Language models and BeamSearch/SeqGenaration

I have been trying to use BeamSearch and/or Sequence Generation with the language models such as standard_lstm_lm_200. I have tried everything saving the weights leads to error initialized on gpu. Even tried going straight from training to immediately using Beam/Seq and I receive an assertion error regarding children and rnn_conv_cell. It seems related to the fact that the LM models require the context be in a list even if its just 1 gpu while the Beam/Seq produce an error if its in a list. Can they be used together ? It would be nice to know this much. If so a simple clue would be nice if not that would help to, so at least I don’t waste time trying to find a way.
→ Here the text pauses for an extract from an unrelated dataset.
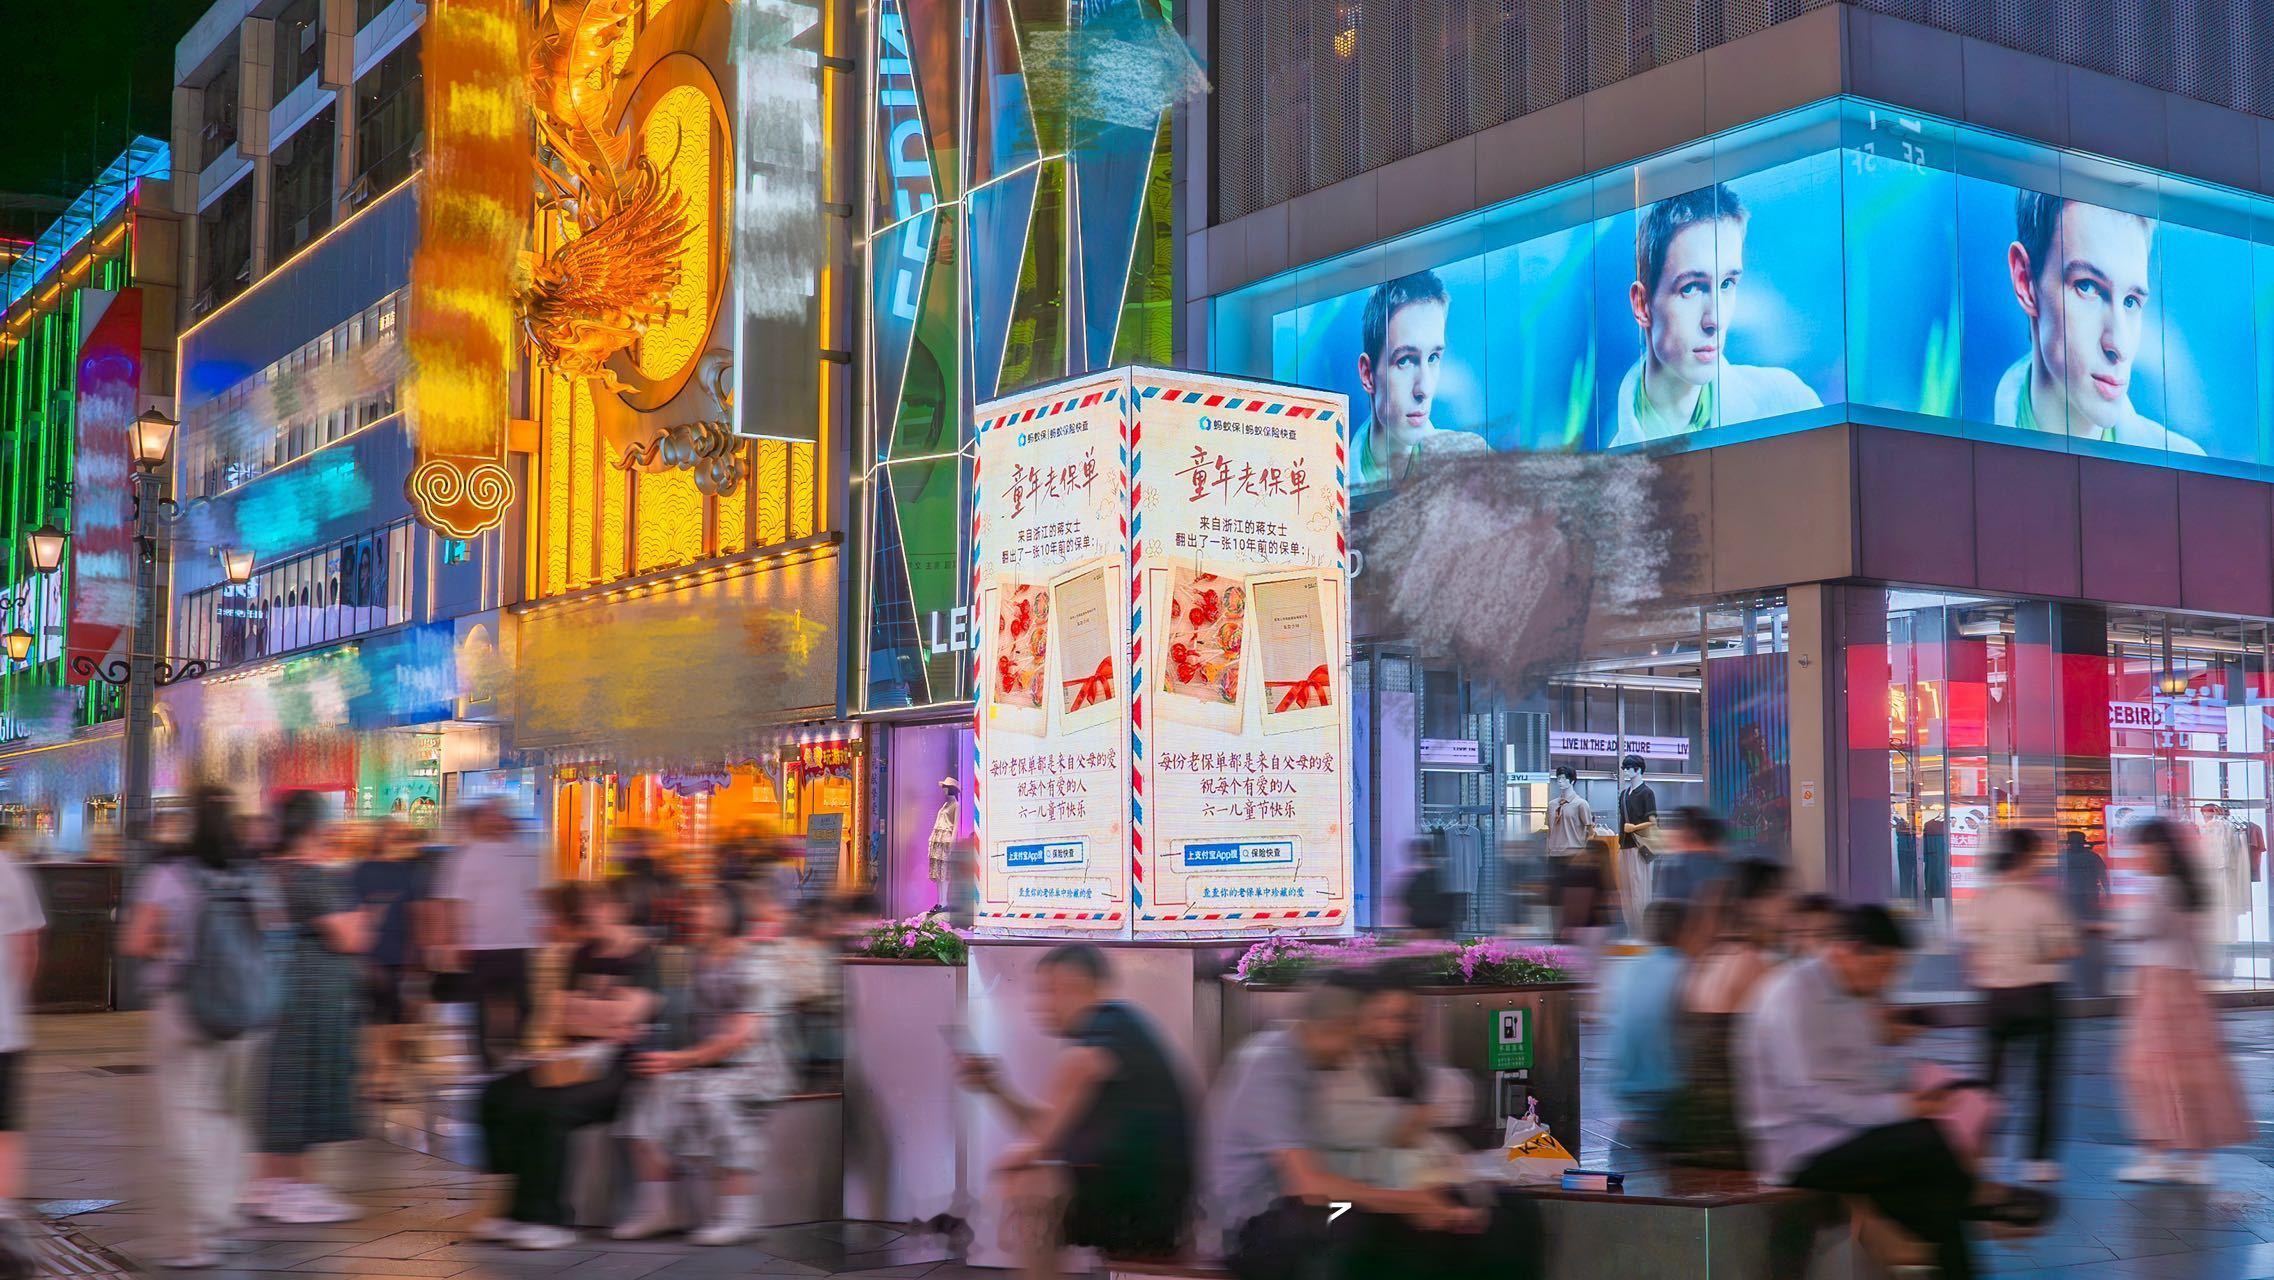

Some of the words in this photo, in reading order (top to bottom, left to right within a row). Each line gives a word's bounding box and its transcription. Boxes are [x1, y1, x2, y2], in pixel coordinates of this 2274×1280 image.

I have even read the model files from the model zoo.

Hi @hskramer, can you share your code so that I might be able to help you?

here is snippet for language generation:

import gluonnlp as nlp
import mxnet as mx
from mxnet import gluon, nd
import numpy as np

ctx = mx.gpu() if mx.context.num_gpus() > 0 else mx.cpu()
lm_model, vocab = nlp.model.get_model(name='big_rnn_lm_2048_512',
                                      dataset_name='gbw',
                                      pretrained=True,
                                      ctx=ctx)
class Decoder:
    def __init__(self, model):
        self.model = model
    
    def __call__(self, inputs, states):
        outputs, states = self.model(mx.nd.expand_dims(inputs, axis=0), states)
        return outputs[0], states

decoder = Decoder(lm_model)

sampler = nlp.model.SequenceSampler(beam_size=1,
                                    decoder=decoder,
                                    eos_id=vocab['<eos>'],
                                    max_length=30,
                                    temperature=0.30)

prompt = "Kim Jong Il has been"
prompt_tokenized = prompt.split(' ')
bos_ids = [vocab[ele] for ele in prompt_tokenized]

init_states = lm_model.begin_state(batch_size=1, ctx=ctx)
_, sampling_states = lm_model(mx.nd.expand_dims(mx.nd.array(bos_ids[:-1], ctx=ctx), axis=1), init_states)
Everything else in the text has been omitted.